À l’atelier Renéka, la course contre la montre
Pour Katia Naud, styliste couturière à la tête de l’atelier Renéka, la période est une montée en puissance permanente. Elle travaille principalement avec les écoles, notamment du côté de Bastille, et doit répondre à une avalanche de demandes en quelques jours. Elle résume cette cadence par un chiffre : une trentaine de costumes réalisés en une quinzaine de jours. Quand la charge devient trop lourde, la solidarité s’impose, les artisans se renvoient les clients pour tenir les délais.
À quelques pas, Martias Gilles, figure de la couture à Basse Terre avec quatre décennies d’expérience, reçoit surtout des commandes de groupes carnavalesques. Là, l’ampleur change d’échelle. Un groupe de 60 personnes, ce sont parfois 120 pièces à réaliser, avec des ajustements pour chaque morphologie et des exigences strictes sur le rendu. Confort, esthétique, solidité, rien n’est laissé au hasard.
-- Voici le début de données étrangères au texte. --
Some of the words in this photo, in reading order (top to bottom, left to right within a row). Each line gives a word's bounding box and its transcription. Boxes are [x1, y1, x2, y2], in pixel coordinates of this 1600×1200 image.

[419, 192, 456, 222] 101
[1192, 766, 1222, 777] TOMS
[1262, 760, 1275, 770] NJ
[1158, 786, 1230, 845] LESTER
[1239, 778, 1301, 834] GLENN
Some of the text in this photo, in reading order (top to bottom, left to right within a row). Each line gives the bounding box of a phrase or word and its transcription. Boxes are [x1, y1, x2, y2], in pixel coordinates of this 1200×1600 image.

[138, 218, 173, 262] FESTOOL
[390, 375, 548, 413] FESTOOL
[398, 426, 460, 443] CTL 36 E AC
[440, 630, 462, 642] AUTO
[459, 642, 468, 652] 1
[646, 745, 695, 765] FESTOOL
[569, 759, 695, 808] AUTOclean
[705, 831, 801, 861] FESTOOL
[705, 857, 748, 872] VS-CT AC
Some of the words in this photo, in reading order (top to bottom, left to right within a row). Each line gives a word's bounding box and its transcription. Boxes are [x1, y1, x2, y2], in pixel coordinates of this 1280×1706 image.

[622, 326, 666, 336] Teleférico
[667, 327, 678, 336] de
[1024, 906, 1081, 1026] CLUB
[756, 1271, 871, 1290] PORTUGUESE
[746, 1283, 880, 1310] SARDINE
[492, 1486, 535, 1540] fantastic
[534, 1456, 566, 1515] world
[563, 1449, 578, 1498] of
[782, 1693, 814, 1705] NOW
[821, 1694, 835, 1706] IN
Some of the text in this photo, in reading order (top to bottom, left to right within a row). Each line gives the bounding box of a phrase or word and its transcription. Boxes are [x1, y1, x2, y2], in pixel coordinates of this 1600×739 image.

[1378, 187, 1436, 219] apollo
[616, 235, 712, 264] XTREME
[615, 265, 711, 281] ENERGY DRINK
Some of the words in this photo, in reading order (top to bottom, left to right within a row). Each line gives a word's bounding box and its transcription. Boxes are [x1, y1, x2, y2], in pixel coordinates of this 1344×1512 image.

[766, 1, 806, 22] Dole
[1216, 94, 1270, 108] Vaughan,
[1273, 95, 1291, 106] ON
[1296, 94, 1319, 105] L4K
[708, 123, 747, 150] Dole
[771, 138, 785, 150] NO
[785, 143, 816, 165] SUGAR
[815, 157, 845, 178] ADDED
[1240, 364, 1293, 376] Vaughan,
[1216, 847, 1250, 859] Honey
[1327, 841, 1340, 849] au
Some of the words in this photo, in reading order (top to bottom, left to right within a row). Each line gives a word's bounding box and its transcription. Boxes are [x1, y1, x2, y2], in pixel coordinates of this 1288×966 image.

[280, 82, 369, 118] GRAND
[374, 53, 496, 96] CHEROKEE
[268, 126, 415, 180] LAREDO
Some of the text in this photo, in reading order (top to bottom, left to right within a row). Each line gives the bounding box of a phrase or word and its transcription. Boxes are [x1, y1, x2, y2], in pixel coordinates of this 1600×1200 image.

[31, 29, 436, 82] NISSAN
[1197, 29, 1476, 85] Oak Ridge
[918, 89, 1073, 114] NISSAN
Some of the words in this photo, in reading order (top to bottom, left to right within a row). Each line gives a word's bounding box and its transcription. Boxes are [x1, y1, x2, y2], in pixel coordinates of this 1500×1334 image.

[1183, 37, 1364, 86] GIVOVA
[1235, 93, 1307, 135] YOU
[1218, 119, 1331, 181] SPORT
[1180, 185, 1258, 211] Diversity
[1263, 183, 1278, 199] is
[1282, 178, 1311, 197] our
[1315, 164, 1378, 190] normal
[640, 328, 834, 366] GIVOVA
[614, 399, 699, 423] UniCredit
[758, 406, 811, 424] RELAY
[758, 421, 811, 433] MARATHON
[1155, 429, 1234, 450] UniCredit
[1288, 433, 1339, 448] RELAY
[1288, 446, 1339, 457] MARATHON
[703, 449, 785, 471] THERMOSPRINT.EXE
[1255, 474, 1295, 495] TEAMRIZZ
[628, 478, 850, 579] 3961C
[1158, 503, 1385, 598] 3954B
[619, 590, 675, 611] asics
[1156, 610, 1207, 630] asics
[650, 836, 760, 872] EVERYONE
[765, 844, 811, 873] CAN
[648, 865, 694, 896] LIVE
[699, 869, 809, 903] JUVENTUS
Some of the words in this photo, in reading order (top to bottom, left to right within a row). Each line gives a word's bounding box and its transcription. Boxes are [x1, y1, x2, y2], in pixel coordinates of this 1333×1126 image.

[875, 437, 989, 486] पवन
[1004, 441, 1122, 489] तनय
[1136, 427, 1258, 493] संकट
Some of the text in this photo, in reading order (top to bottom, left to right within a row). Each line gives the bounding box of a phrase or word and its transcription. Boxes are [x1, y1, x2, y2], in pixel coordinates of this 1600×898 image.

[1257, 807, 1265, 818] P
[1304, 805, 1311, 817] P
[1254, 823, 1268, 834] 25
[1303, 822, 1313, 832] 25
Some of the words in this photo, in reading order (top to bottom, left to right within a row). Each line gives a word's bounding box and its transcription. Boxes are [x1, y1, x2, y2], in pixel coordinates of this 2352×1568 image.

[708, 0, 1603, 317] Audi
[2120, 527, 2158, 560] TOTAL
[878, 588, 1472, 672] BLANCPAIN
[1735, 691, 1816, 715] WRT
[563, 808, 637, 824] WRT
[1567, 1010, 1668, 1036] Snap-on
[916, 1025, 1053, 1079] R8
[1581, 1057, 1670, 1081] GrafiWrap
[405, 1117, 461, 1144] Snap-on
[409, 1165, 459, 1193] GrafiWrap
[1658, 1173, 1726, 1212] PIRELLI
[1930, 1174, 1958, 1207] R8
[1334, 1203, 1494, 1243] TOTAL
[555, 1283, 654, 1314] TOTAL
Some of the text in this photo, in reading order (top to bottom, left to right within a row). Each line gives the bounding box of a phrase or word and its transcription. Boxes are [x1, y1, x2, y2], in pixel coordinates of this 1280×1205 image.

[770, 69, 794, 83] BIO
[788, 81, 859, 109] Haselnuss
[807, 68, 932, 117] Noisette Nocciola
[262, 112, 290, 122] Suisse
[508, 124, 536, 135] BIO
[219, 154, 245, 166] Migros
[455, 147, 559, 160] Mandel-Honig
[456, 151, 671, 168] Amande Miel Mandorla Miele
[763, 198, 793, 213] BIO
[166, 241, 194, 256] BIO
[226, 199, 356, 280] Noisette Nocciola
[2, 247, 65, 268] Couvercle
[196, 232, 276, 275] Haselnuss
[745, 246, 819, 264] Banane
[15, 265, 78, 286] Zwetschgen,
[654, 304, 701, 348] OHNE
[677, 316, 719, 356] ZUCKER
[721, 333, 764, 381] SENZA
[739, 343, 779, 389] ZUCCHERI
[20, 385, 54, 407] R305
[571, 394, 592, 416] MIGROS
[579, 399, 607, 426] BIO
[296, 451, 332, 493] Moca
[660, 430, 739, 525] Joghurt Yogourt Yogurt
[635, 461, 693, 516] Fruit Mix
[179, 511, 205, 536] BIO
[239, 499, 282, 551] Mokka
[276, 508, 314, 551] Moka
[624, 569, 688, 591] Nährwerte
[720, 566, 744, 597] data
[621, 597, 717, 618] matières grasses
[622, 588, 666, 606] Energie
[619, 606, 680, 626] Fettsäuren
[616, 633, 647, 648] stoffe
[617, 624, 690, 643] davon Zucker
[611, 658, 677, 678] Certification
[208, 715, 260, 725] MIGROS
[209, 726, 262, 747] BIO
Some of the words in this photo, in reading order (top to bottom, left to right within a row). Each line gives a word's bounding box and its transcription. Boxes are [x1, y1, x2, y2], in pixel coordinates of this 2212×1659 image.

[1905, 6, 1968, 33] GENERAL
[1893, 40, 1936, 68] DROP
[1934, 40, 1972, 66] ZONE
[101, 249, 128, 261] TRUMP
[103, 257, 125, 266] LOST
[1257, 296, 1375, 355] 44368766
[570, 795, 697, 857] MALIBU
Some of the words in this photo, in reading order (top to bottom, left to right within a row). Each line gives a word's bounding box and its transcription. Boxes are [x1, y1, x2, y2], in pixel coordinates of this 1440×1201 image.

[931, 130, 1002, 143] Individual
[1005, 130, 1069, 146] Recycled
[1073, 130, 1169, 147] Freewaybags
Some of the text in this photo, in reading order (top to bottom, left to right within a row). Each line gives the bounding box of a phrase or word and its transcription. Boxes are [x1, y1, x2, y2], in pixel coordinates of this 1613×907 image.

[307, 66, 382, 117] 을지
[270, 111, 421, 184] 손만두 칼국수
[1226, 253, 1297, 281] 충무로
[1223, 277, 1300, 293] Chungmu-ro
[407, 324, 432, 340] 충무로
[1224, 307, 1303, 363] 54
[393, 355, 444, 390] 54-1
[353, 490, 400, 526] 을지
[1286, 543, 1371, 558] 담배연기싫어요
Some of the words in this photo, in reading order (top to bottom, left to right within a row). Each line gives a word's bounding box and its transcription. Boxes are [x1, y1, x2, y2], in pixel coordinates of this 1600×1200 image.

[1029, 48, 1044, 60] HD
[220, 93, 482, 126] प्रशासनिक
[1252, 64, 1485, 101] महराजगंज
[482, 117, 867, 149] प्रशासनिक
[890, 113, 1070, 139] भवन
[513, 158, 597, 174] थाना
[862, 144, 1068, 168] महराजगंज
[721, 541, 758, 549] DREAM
Une tradition qui tient par le travail et le sérieux
Dans ces ateliers, la création ne se résume pas à des paillettes. C’est de la rigueur, du savoir faire et une organisation millimétrée. L’argent n’est pas le moteur principal, ce qui compte, c’est la fierté du travail bien fait et la réaction des clients quand le costume prend vie dans la rue.
Le carnaval, c’est une culture vivante. Et à Basse Terre, ce patrimoine se fabrique aussi sur une table de coupe, au bruit des machines, grâce à des artisans qui travaillent dur pour que la fête tienne debout.